When only a manifest (no lock file) is available, the graph contains direct dependencies only with no transitive resolution. A note is printed to stderr.

## JSON output shape (stable wrapper)

For commands that support `--format json`, the JSON is wrapped for forwards-compatible parsing:

```json
{
  "schema_version": 1,
  "ok": true,
  "command": "analyze|modules|modules-sweep|cratesio",
  "rows": [ /* ... */ ]
}
```

`pkgrank analyze --format json` also includes explicit bounding metadata:

- `rows_total`: total rows computed
- `rows_returned`: rows included in `rows`
- `truncated`: whether `rows` was truncated
- `json_limit`: the applied limit (if any)

## Usage (intra-package: module/item graph via cargo-modules)

`pkgrank modules` shells out to [`cargo-modules`](https://github.com/regexident/cargo-modules) and parses its DOT output.

Install once:

```bash
cargo install cargo-modules
```

Defaults are tuned for a "fast, actionable hotspot scan":

- aggregate by **file**
- include **types + traits**
- hide functions / externs / sysroot
- show a few strongest edges
- cache `cargo-modules` DOT output

Note on **CLI vs MCP defaults**:

- The **CLI** `pkgrank modules` defaults include **types + traits** (and hide functions).
- The **MCP** `pkgrank_modules` tool is more conservative by default (hides fns/types/traits unless you opt in via `preset` or `include_*`), because MCP payloads are easy to blow up accidentally.
  - If you want the CLI-like view from MCP, pass a `preset` like `file-api` or `file-full`.

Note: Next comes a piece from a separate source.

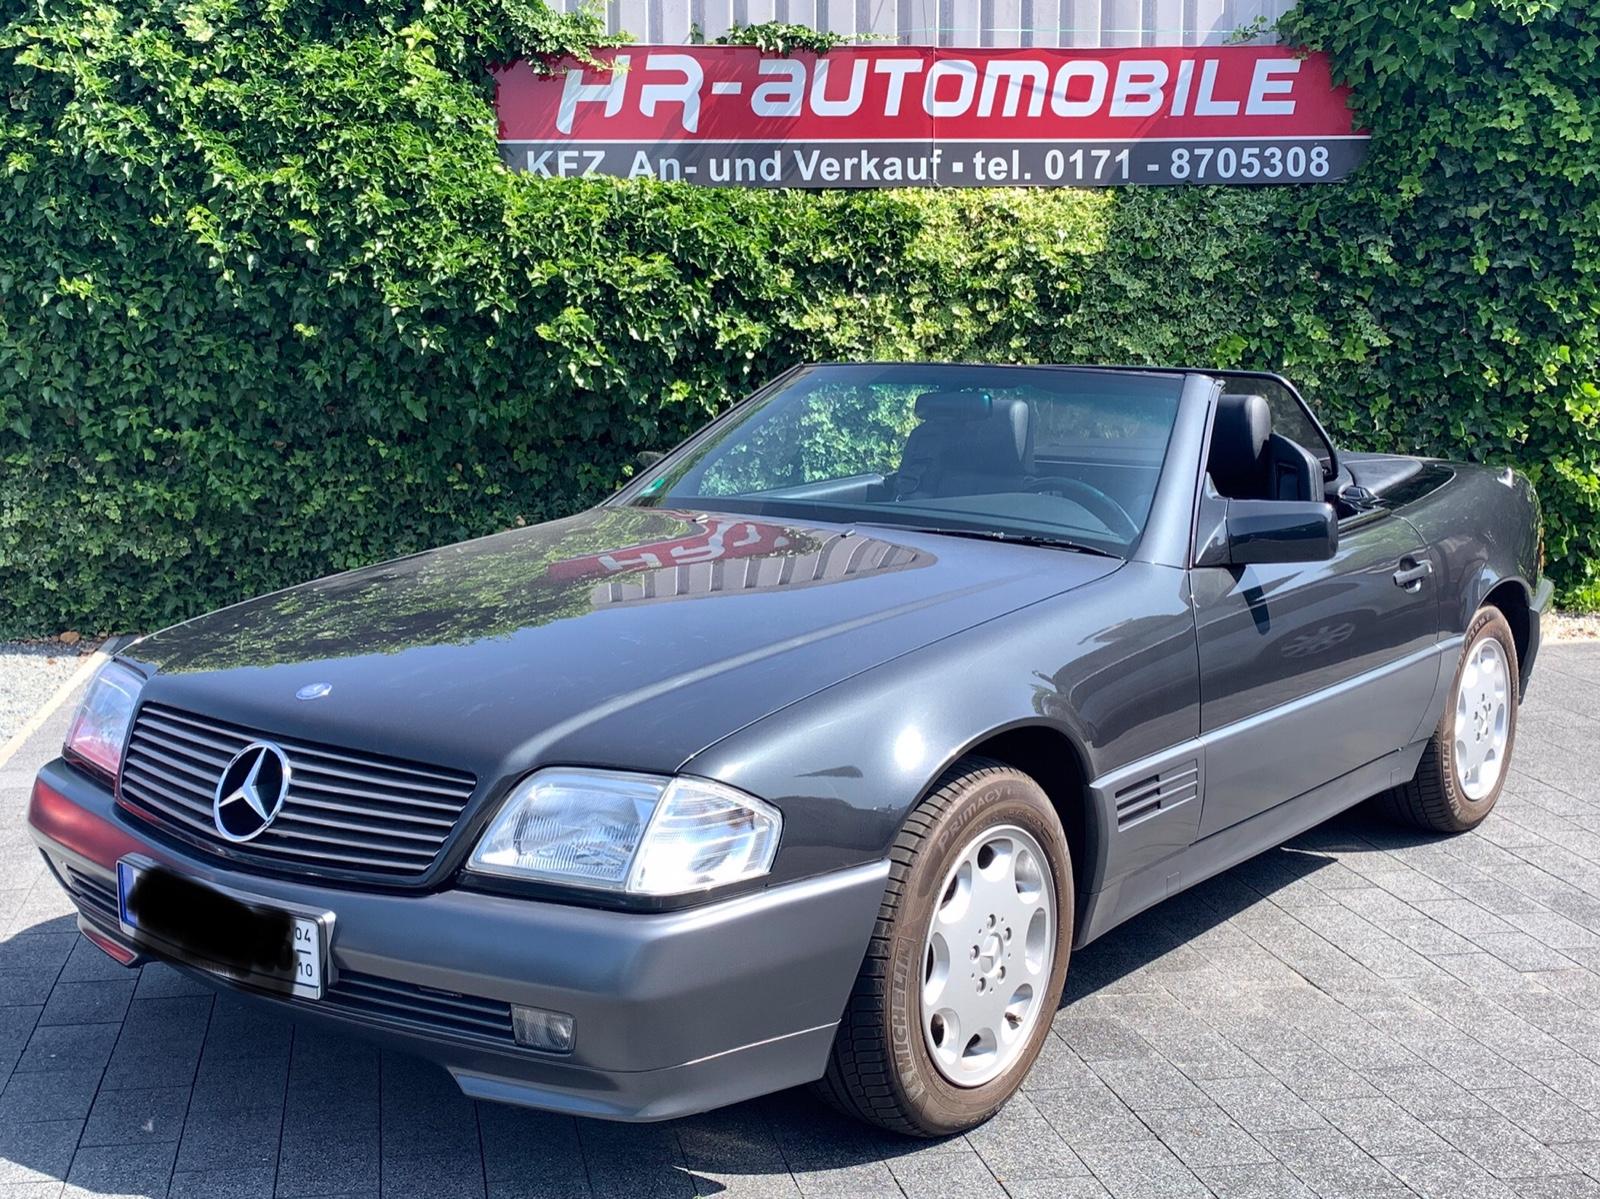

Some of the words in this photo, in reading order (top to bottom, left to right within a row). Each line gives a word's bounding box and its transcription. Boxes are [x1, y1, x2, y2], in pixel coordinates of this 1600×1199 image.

File-level hotspots (explicit, but these are now close to the defaults):

```bash
cargo run -- modules --manifest-path ../Cargo.toml -p walk --lib -n 25
```

Workspace sweep (summary-only):

```bash
cargo run -- modules-sweep --manifest-path ../Cargo.toml -p walk -p innr --lib
```

Use presets when you want a different "view" quickly:

```bash
# Item-level view, more verbose
cargo run -- modules --manifest-path ../Cargo.toml -p walk --lib --preset node-full -n 25
```

Failure semantics:

- Default: **continue on error** and report which packages failed.
- `--fail-fast`: stop on first failure.
- `--continue-on-error=false`: equivalent explicit form.

Caching:

- `modules`/`modules-sweep` cache `cargo modules dependencies` DOT output under `evals/pkgrank/modules_cache/`.
- Use `--cache-refresh` to force regeneration.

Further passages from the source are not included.